Savcılık, ayrıca sanığın olay sabahı silahıyla "yabancılara karşı cinayet işlemek için" önce Paris'in Saint-Denis bölgesine gittiğini söylediğini; sonrasında ise "kıyafetinin silahını kolayca yeniden doldurmasını engellediği için" bu bölgeyi hedef almaktan vazgeçtiğini kayda geçtiğini bildirdi. Sanık, kısa bir süre sonra nihayet Paris'in 10. bölgesindeki rue d'Enghien'e yürüdü. Zanlı, önünde ateş açtığı Ahmet Kaya Kürt Kültür Merkezi'nin bu mahallede olduğunu bildiğini de itiraf etti.
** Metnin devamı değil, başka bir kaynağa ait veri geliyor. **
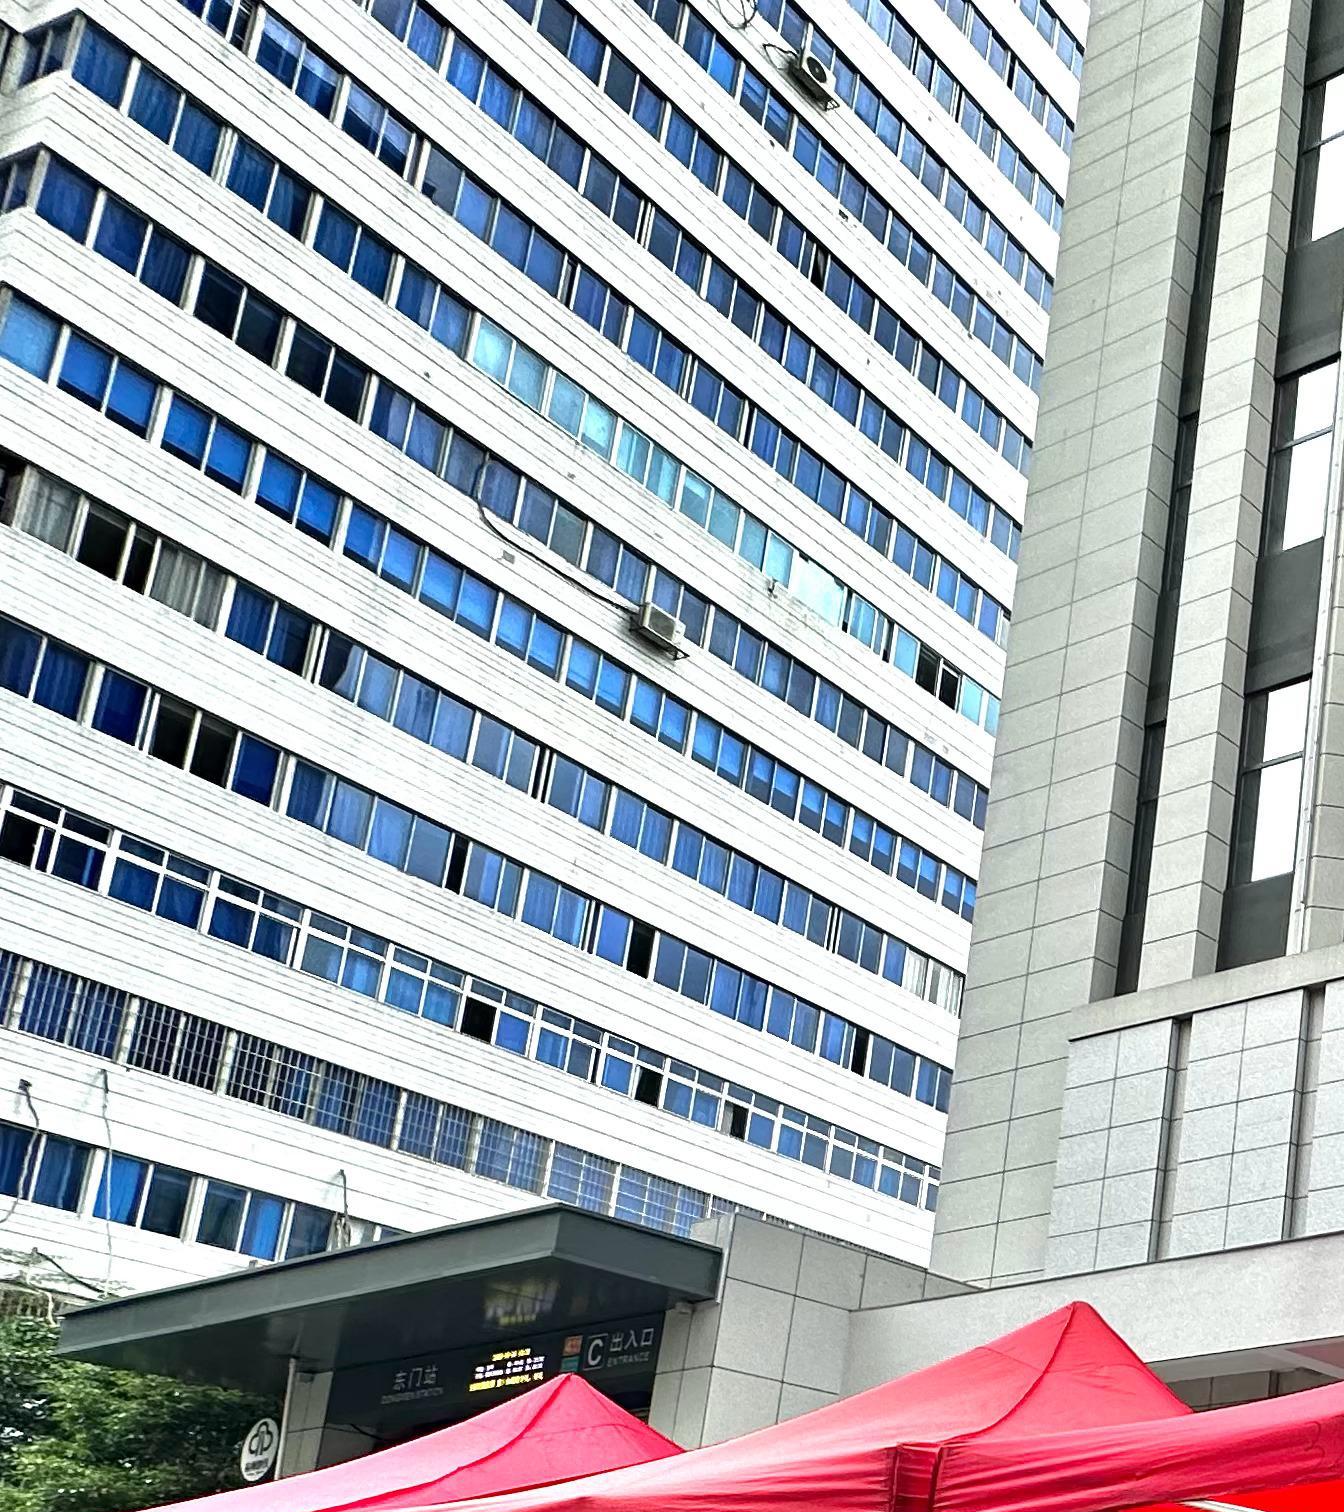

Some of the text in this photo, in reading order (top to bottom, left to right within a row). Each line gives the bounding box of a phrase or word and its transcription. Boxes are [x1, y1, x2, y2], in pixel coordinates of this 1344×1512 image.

[587, 1327, 655, 1366] C 出入口
[606, 1351, 650, 1368] ENTRANCE
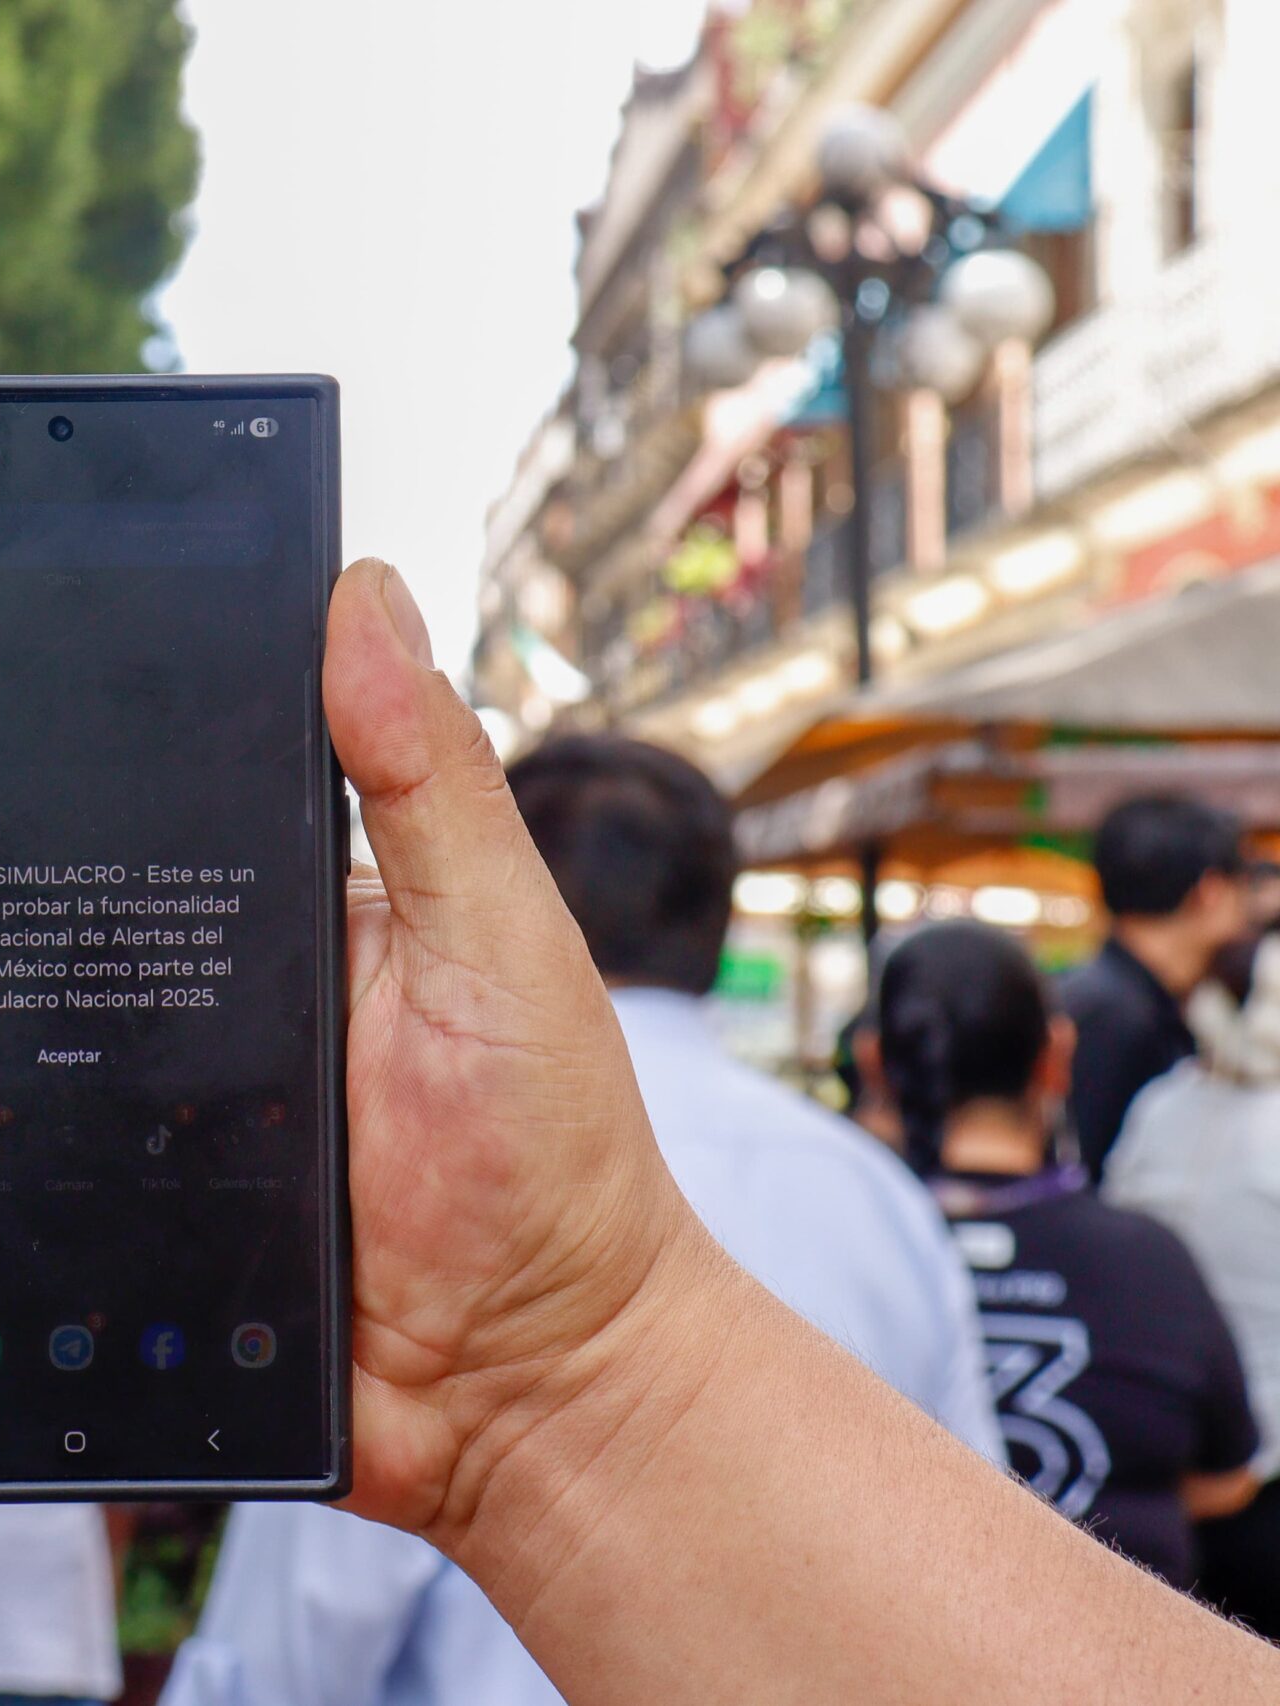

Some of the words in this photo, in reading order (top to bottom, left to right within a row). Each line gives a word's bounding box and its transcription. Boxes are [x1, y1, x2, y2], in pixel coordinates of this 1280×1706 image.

[212, 419, 226, 429] 4G
[256, 420, 272, 434] 61
[147, 864, 194, 884] Este
[199, 868, 224, 883] es
[229, 868, 255, 883] un
[2, 896, 72, 921] probar
[77, 896, 94, 916] la
[100, 894, 240, 915] funcionalidad
[79, 927, 106, 946] de
[111, 926, 186, 946] Alertas
[191, 925, 223, 945] del
[73, 962, 132, 977] como
[138, 959, 194, 981] parte
[200, 956, 232, 976] del
[65, 988, 154, 1009] Nacional
[161, 988, 220, 1008] 2025.
[36, 1047, 102, 1065] Aceptar
"Bütün göçmenlere" kızgın olduğunu ve tanımadığı kurbanlara rastgele saldırdığını açıklayarak, tek pişmanlığının kendini öldürememek olduğunu söyledi ve her zaman "düşmanları mezara götüreceğini" düşündüğünü sözlerine ekledi ve "düşman" derken "Avrupalı olmayan tüm yabancıları" kastettiğini belirtti.
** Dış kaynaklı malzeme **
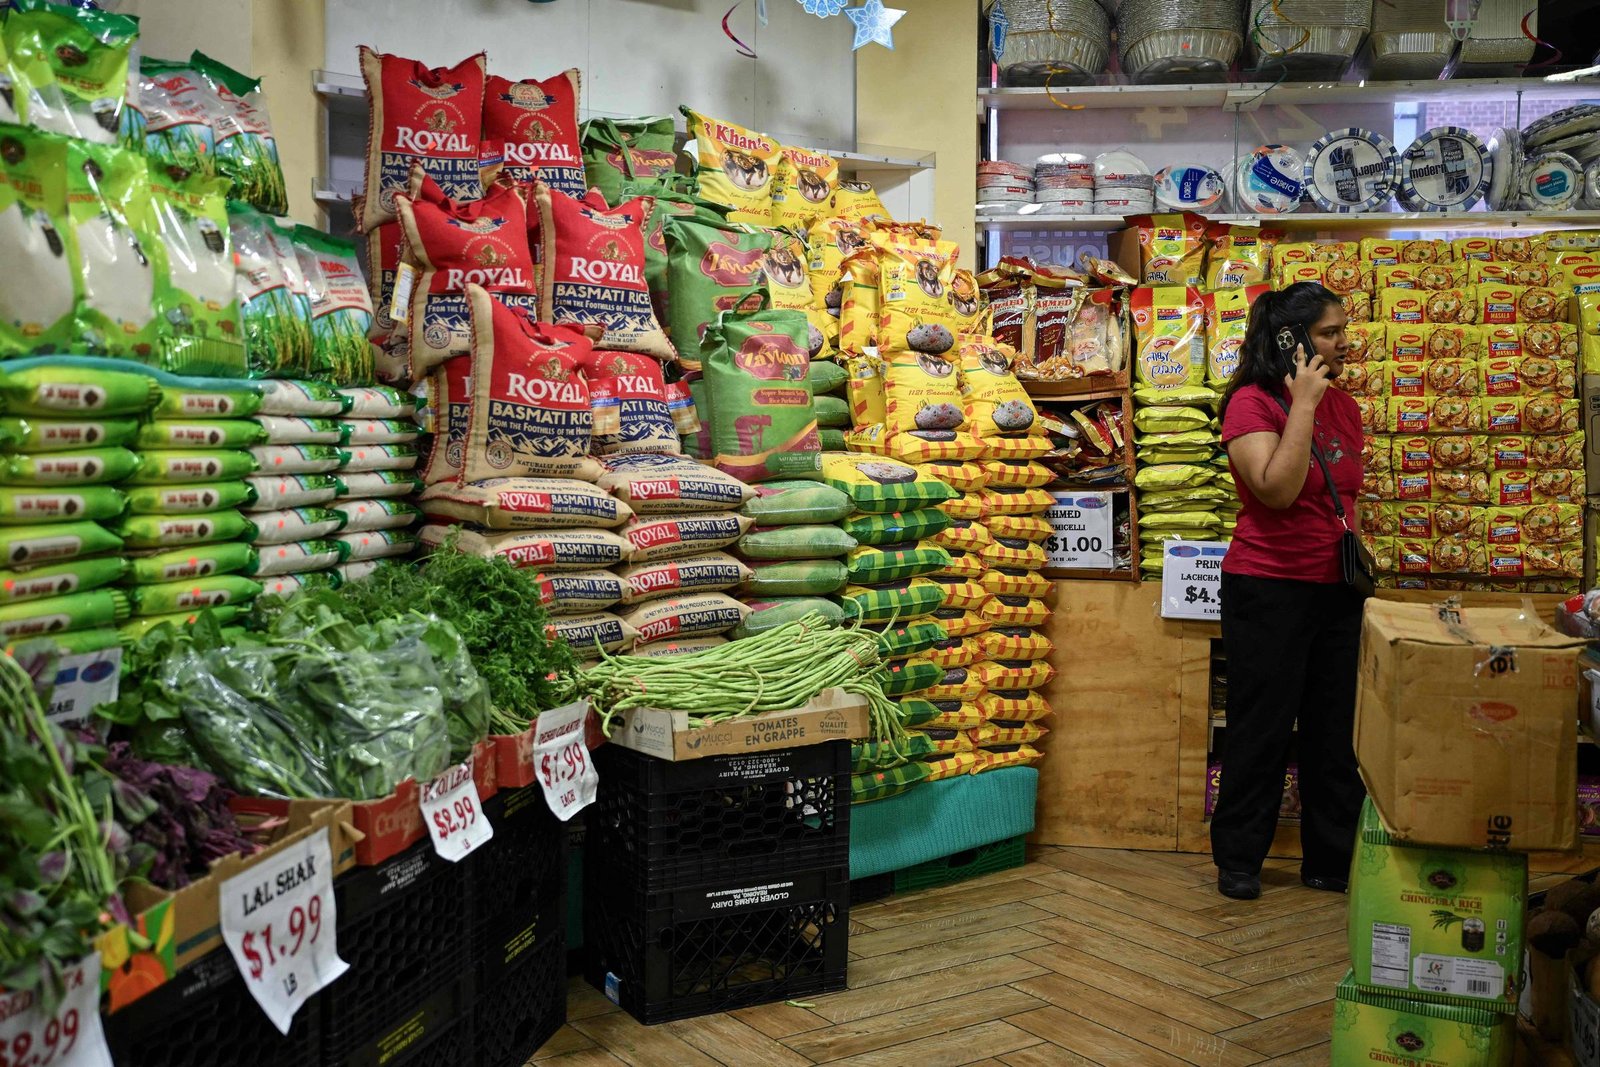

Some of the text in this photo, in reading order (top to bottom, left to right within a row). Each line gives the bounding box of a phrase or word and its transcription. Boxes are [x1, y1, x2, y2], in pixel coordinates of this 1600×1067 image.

[395, 126, 471, 154] ROYAL
[716, 124, 771, 152] Khan's
[504, 142, 573, 165] ROYAL
[791, 150, 830, 168] Khan's
[457, 160, 478, 171] RICE
[1352, 161, 1390, 178] modern
[1409, 163, 1446, 179] modern
[1270, 176, 1296, 193] Dixie
[446, 267, 527, 290] ROYAL
[569, 257, 640, 283] ROYAL
[506, 295, 536, 307] RICE
[555, 297, 572, 306] FROM
[573, 300, 584, 308] THE
[585, 300, 615, 311] FOOTHILLS
[556, 285, 650, 305] BASMATI RICE
[428, 304, 446, 312] FROM
[904, 306, 918, 314] 1121
[506, 373, 584, 404] ROYAL
[492, 403, 593, 425] BASMATI RICE
[647, 401, 669, 415] RICE
[488, 416, 507, 428] FROM
[510, 421, 521, 430] THE
[523, 422, 554, 435] FOOTHILLS
[631, 481, 741, 499] ROYAL BASMATI RICE
[500, 492, 615, 511] ROYAL BASMATI RICE
[631, 518, 737, 547] ROYAL BASMATI RICE
[555, 543, 594, 555] BASMATI
[597, 545, 619, 556] RICE
[1047, 535, 1102, 553] $1.00
[553, 579, 619, 591] BASMATI RICE
[629, 566, 738, 593] ROYAL BASMATI RICE
[1181, 573, 1220, 582] LACHCHA
[679, 609, 739, 624] BASMATI RICE
[596, 621, 619, 634] RICE
[644, 722, 666, 735] Mucci
[752, 717, 798, 733] TOMATES
[702, 731, 733, 744] Mucci
[745, 727, 805, 746] EN GRAPPE
[541, 742, 586, 789] $1.99
[765, 766, 790, 774] CLOVER
[560, 789, 576, 807] EACH
[433, 796, 475, 840] $2.99
[243, 854, 317, 916] LAL SHAK
[711, 892, 789, 909] CLOVER FARMS DAIRY
[1458, 899, 1482, 910] RICE
[242, 895, 321, 982] $1.99
[283, 972, 298, 997] LB
Silahlara meraklı olduğu bilinen 69 yaşındaki eski tren makinistinin Aralık 2021'de Paris'te işlediği bir 'ırkçı saldırı' sonrası silahla zarar verme suçundan hapis cezasına çarptırıldığı12 Aralık'ta cezaevinden kefaletle serbest bırakıldığı ortaya çıkmıştı.
Avukat izoli: Fail Kürtleri bilerek hedef aldığını söyledi
Dün Rûdaw TV'de Hevidar Zana’nın sunduğu 15:00 bültenine Paris’teki gösterinin olduğu meydandan bağlanan avukat Seve İzoli saldırı hakkında yapılan soruşturmada gelinen aşamaya ilişkin bilgi verdi ve gösterilerinin amacını değerlendirdi.
Seve İzoli, saldırganın ifadesinde “Kürtlere bilerek ve isteyerek saldırdım. Saldırıyı Kürtlere karşı gerçekleştirmek istedim” ifadelerini kullandığını belirterek, “Bu ifadede, saldırının genel bir milliyetçilikten ziyade Kürtlere karşı bir katliam girişimi olduğu anlaşılıyor” dedi.
İzoli, Fransa Cumhuriyet Savcısının saldırganın verdiği ifade doğrultusunda soruşturmayı derinleştirdiğini ve kapsamını genişlettiğini dile getirdi. İzoli, ancak savcının dosyayı normal bir saldırı gibi ele aldığını belirtti.
“Kürtlerin kanı bu kadar ucuz dökülmemeli”
Kürt avukat savcılığın bu suçu normal bir saldırı olarak ele almasına karşı olduklarını, dosyanın “terör saldırısı” kapsamına alınmasını gerektiğinin altını çizdi.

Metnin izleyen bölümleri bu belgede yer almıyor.